_Task item_: Copy every entry exactly as it reads and exclude whatever pictures appear.

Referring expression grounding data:
BEGIN

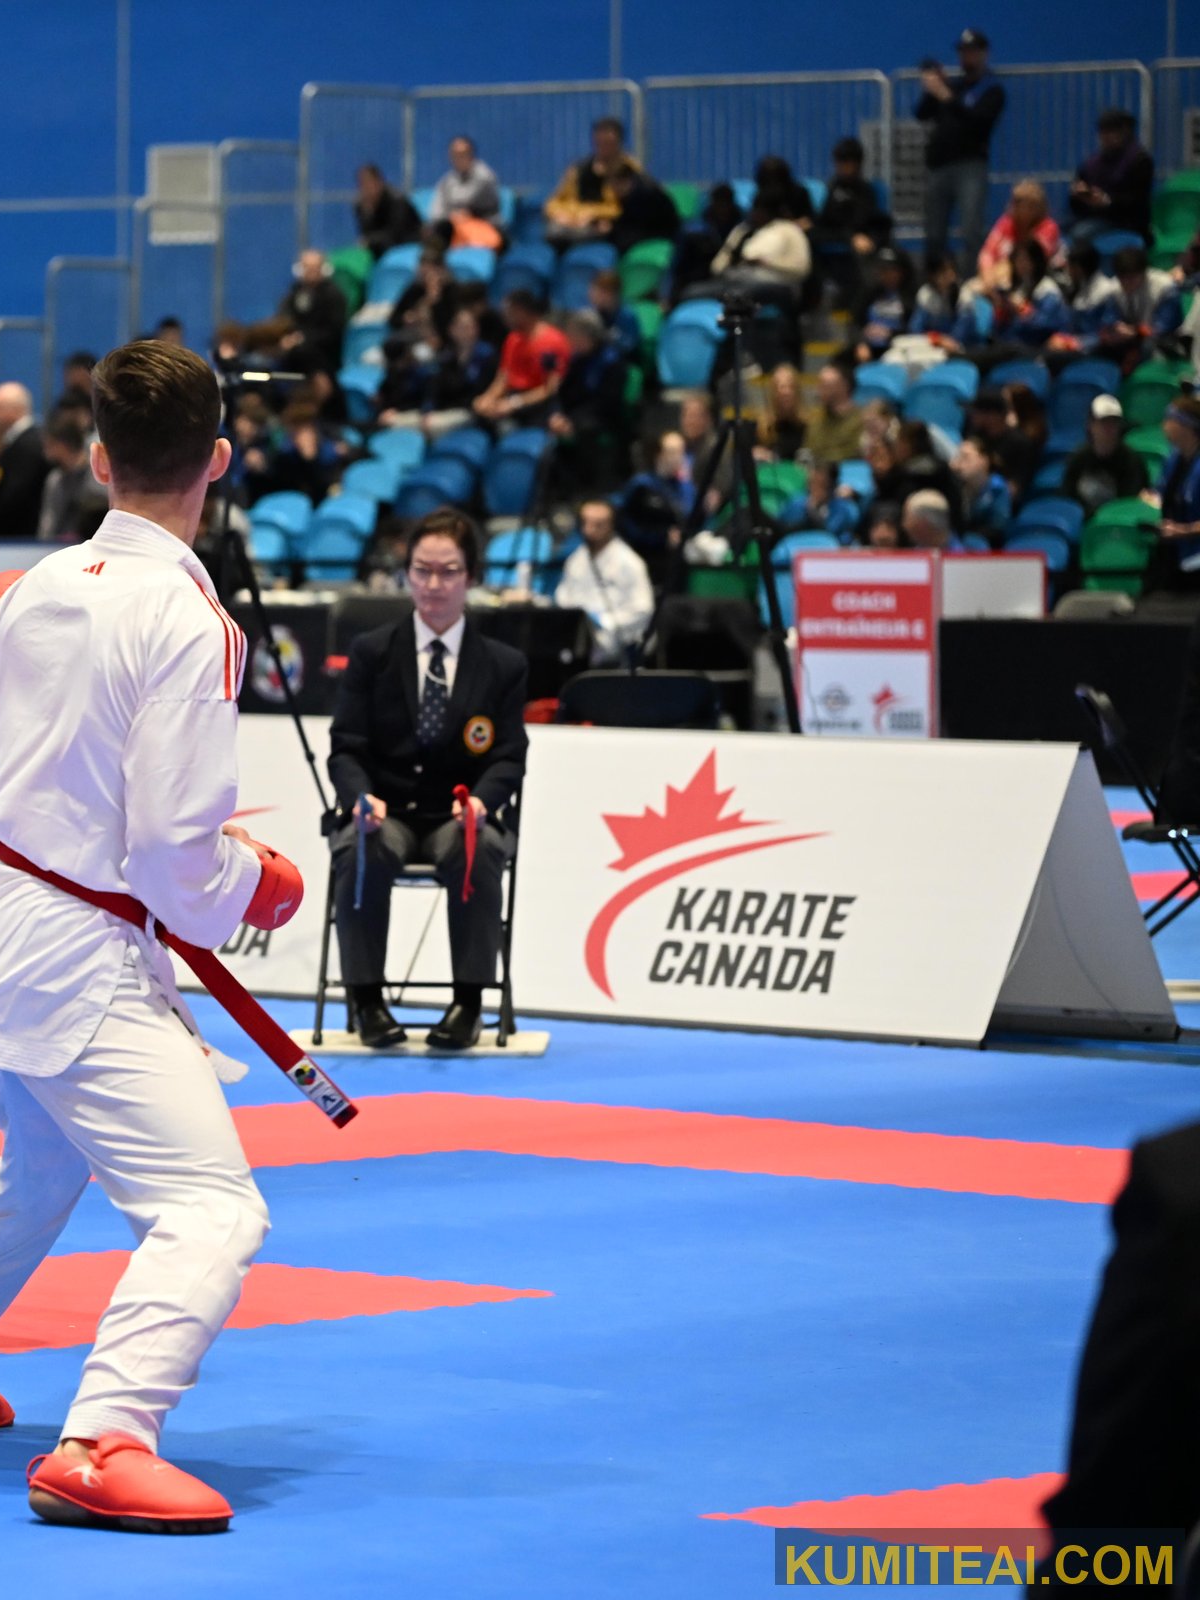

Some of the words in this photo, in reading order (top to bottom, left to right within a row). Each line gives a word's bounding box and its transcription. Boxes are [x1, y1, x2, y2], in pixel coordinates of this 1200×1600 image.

[832, 591, 896, 612] COACH
[666, 886, 857, 940] KARATE
[649, 940, 835, 994] CANADA
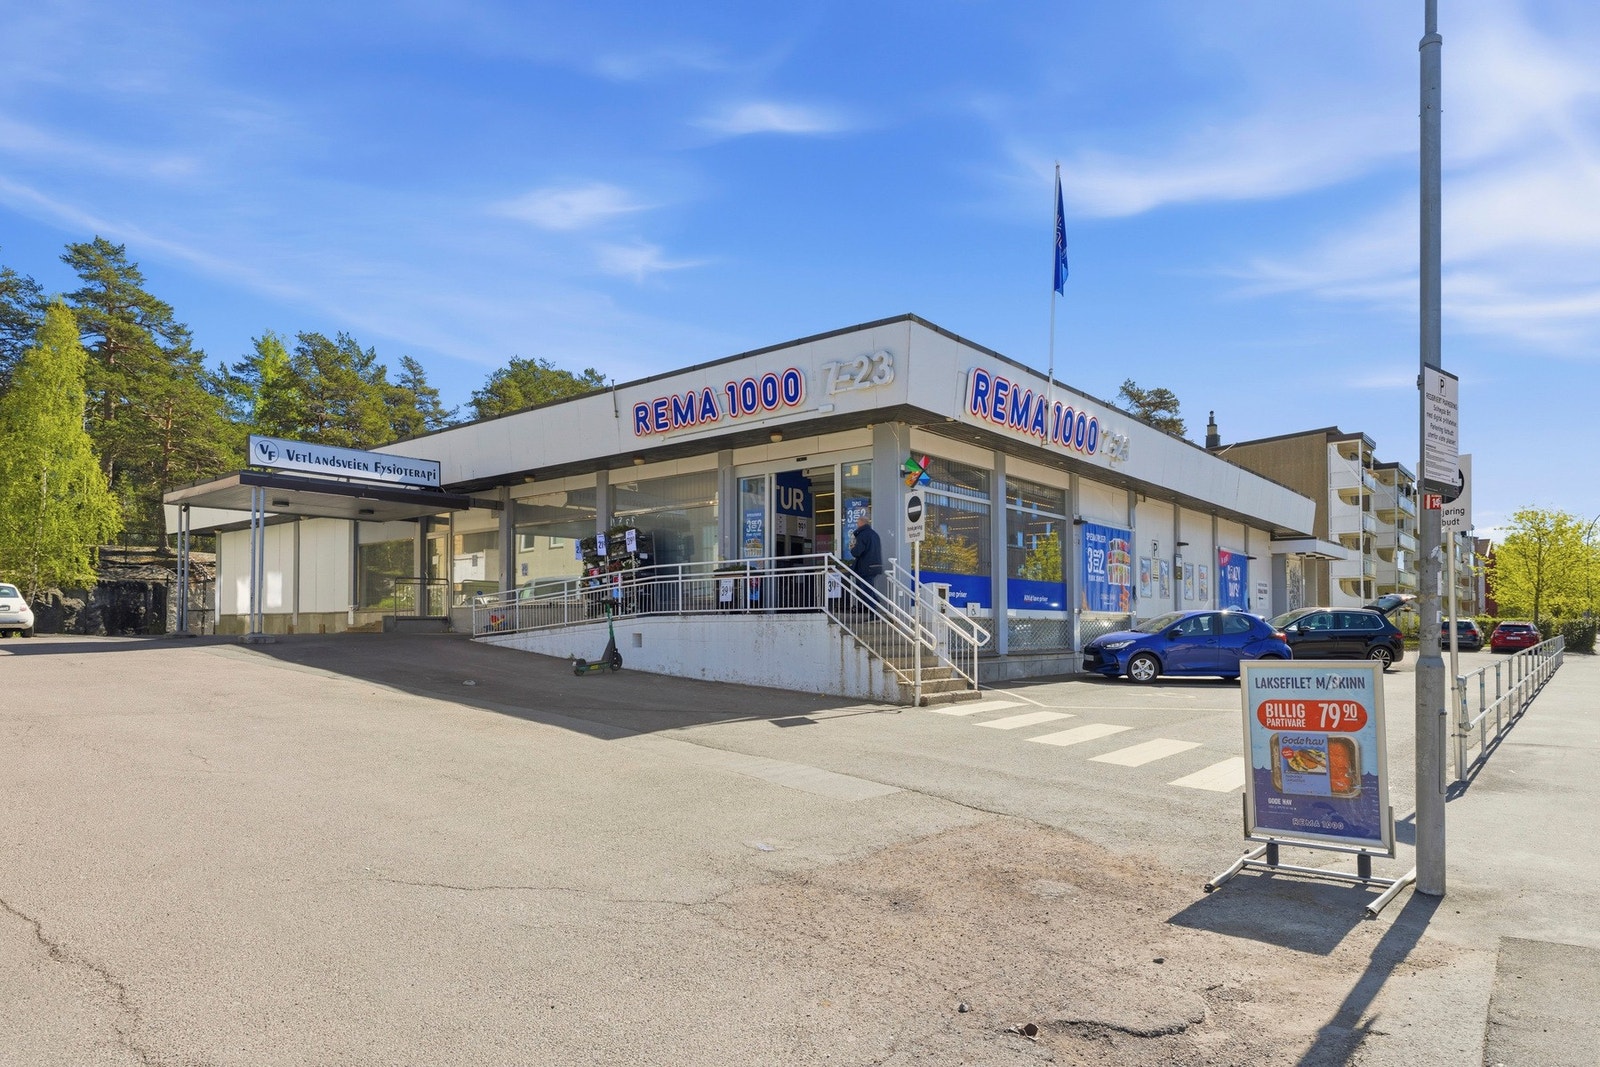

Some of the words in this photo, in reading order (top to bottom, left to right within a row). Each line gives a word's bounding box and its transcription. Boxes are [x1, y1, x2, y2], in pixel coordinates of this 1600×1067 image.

[633, 387, 719, 436] REMA
[726, 368, 803, 418] 1000
[970, 368, 1047, 439] REMA
[1052, 401, 1099, 455] 1000
[1441, 507, 1465, 517] jøring
[1441, 518, 1460, 526] budt
[1087, 547, 1093, 574] 3
[1255, 677, 1312, 689] LAKSEFILET
[1316, 675, 1366, 690] M/SKINN
[1265, 703, 1305, 718] BILLIG
[1318, 703, 1341, 728] 79
[1343, 703, 1358, 719] 90
[1266, 718, 1306, 728] PARTIVARE

END

_Task response_:
Some of the words in this photo, in reading order (top to bottom, left to right within a row). Each line gives a word's bounding box and its transcription. Boxes are [x1, y1, x2, y2], in pixel coordinates of this 1200×1600 image.

[832, 591, 896, 612] COACH
[666, 886, 857, 940] KARATE
[649, 940, 835, 994] CANADA

Some of the words in this photo, in reading order (top to bottom, left to right within a row). Each line gives a word's bounding box and its transcription. Boxes are [x1, y1, x2, y2], in pixel coordinates of this 1600×1067 image.

[633, 387, 719, 436] REMA
[726, 368, 803, 418] 1000
[970, 368, 1047, 439] REMA
[1052, 401, 1099, 455] 1000
[1441, 507, 1465, 517] jøring
[1441, 518, 1460, 526] budt
[1087, 547, 1093, 574] 3
[1255, 677, 1312, 689] LAKSEFILET
[1316, 675, 1366, 690] M/SKINN
[1265, 703, 1305, 718] BILLIG
[1318, 703, 1341, 728] 79
[1343, 703, 1358, 719] 90
[1266, 718, 1306, 728] PARTIVARE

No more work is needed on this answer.